Just as the first time he’d seen it, Omilov found his eyes
crossing slightly as they tried to focus on the sphere—it was such a perfect,
smooth reflector that it was visible only as a distortion of its surroundings.
He began pushing it about the surface of the table, trying to collect his
thoughts.

The Guardian would never have relinquished this; any ship
that tried to land on the Shrine Planet would be vaporized.
The faint
memory of a poem echoed...
Something vast and pitiless is stirring...

He met Brandon’s watchful gaze. The Krysarch’s presence here
was almost as unsettling as this forbidden artifact. Could they be related?
Impossible.

Unfortunately, it was equally impossible that there would
not be terrible consequences to Brandon’s choice. Omilov was certain that
Brandon was well aware of what he’d done. It amounted to a cut-direct, the
highest insult, to all the leading lights of Court—and it would never, ever be
forgotten. Even his father the Panarch would be helpless to intervene against
the depth of feeling this would arouse.

And, thought Omilov, considering the way decisions were so
often made in the Thousand Suns—by careful, formal social maneuvers among the
Service Families—Brandon’s flight amounted to a disruption of the machinery of
state. His father would probably not even make the attempt, despite his very
real love for Brandon. Gelasaar would put the welfare of his trillions of
subjects first.

And Brandon knows this.

“Is it some sort of toy?” Osri asked. “It looks like it
stops itself from moving somehow. What is it?”

“I don’t know
what
it is, or what its purpose was,
but it is at least ten million years old,” Omilov replied.

“The Ur?” Osri did not seem to believe him; not surprising,
since private possession of an Urian artifact was treason.

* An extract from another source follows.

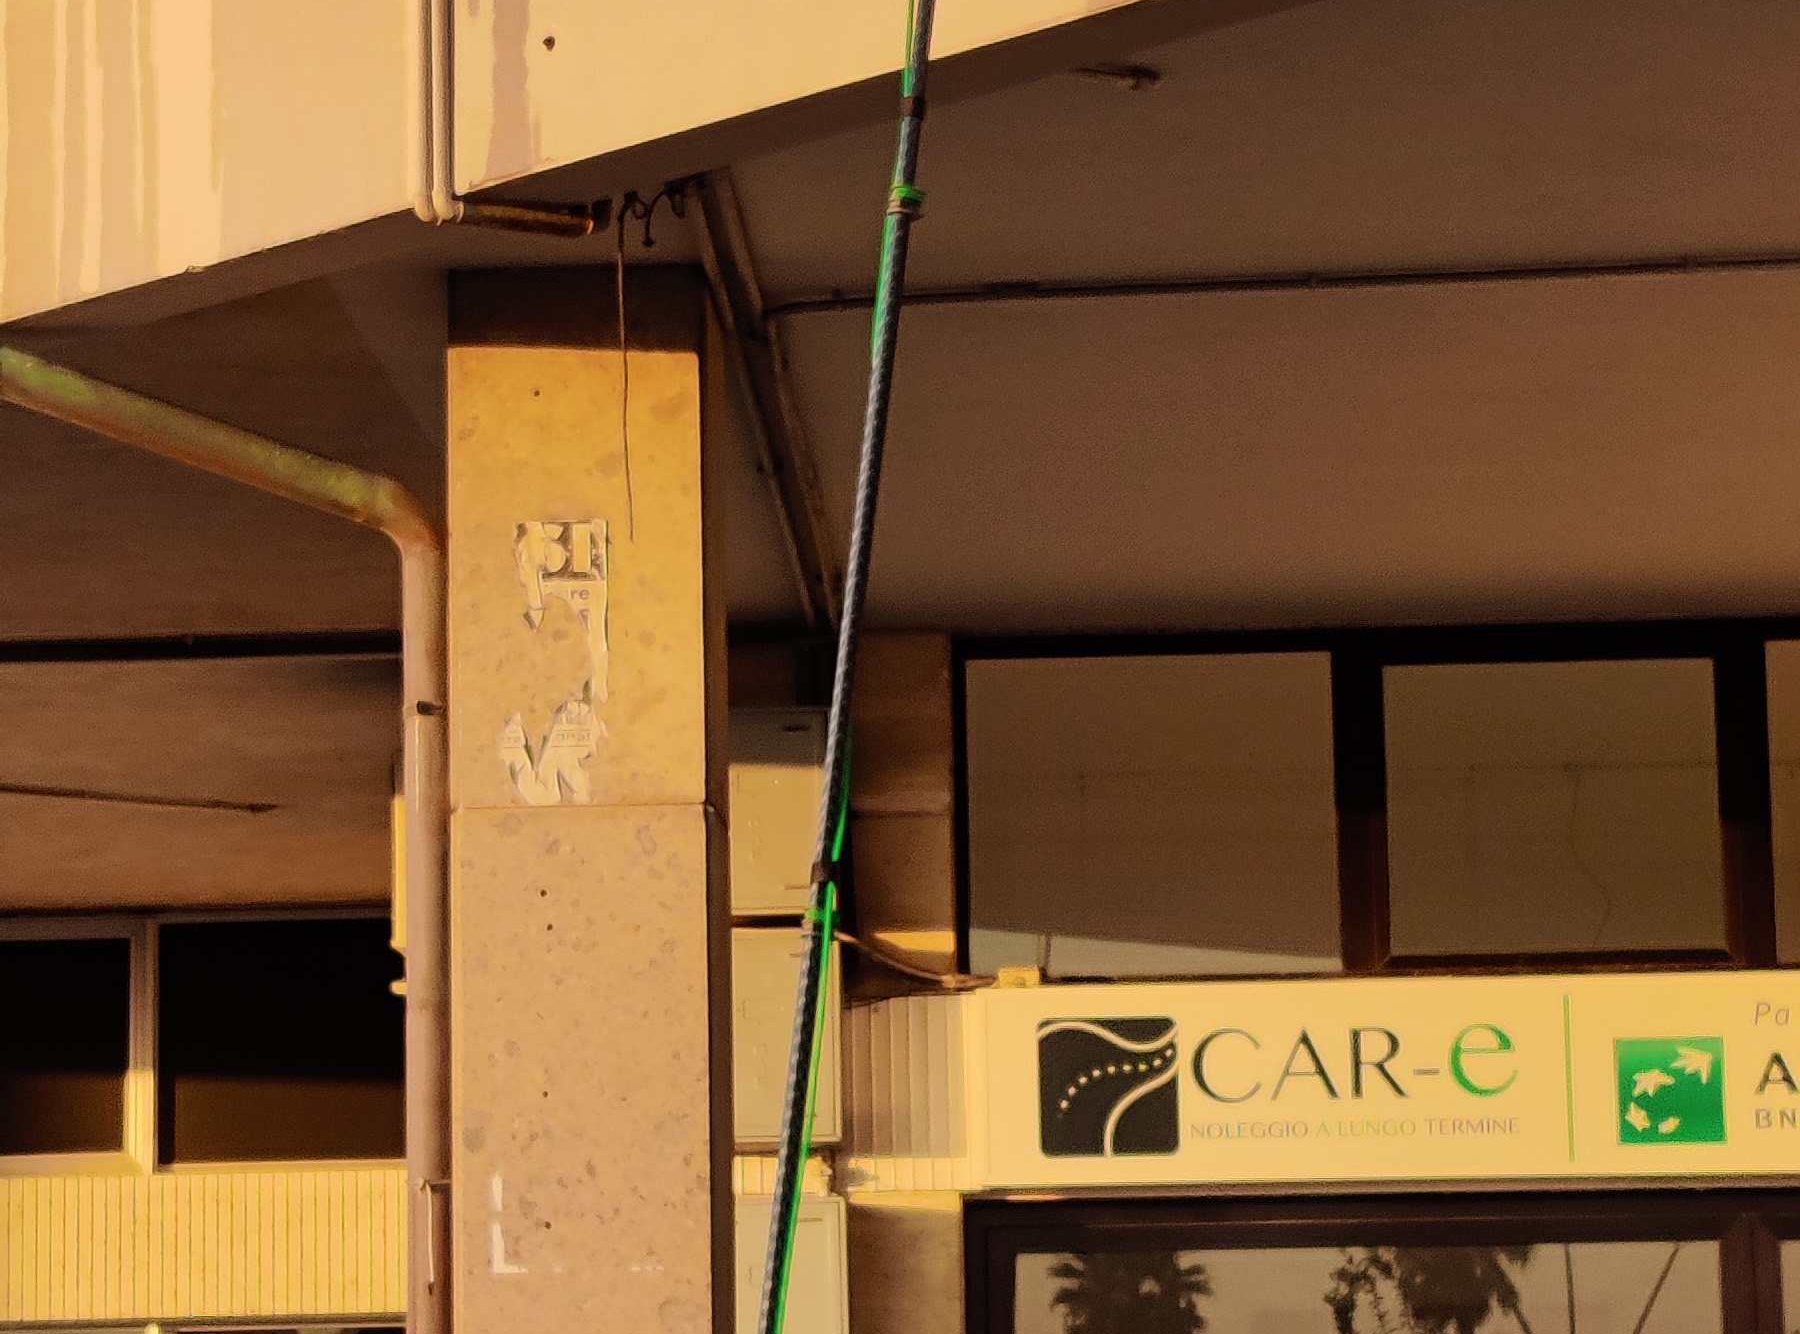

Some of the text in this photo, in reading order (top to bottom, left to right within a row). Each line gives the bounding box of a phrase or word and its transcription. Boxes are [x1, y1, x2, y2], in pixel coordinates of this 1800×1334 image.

Omilov handed the sphere to his son. Osri’s hands dipped
toward the table. As he hefted it, his heavy eyebrows shot toward his
hairline—his hands moved too fast for the evident weight of the sphere.

“Throw it to Brandon.”

As Osri hesitated, Omilov added, “Don’t worry, it’s not at
all fragile. In fact, I doubt that any force we have available to us could
damage it.”

Osri tried to throw it underhanded to Brandon, who had his
hands up and slightly separated, but the little sphere refused to leave his
hand—it almost looked like it was glued there, except that it rolled about
freely.

“Throw it overhand,” he chortled. Shock had faded, leaving
the sense of unreality that Brandon’s appearance had first caused.
Brandon
has flung away his life, Semion may close his gauntlet around us at any moment,
and here we sit, playing with an artifact created by a galaxy-spanning race
that was utterly destroyed ten million years ago.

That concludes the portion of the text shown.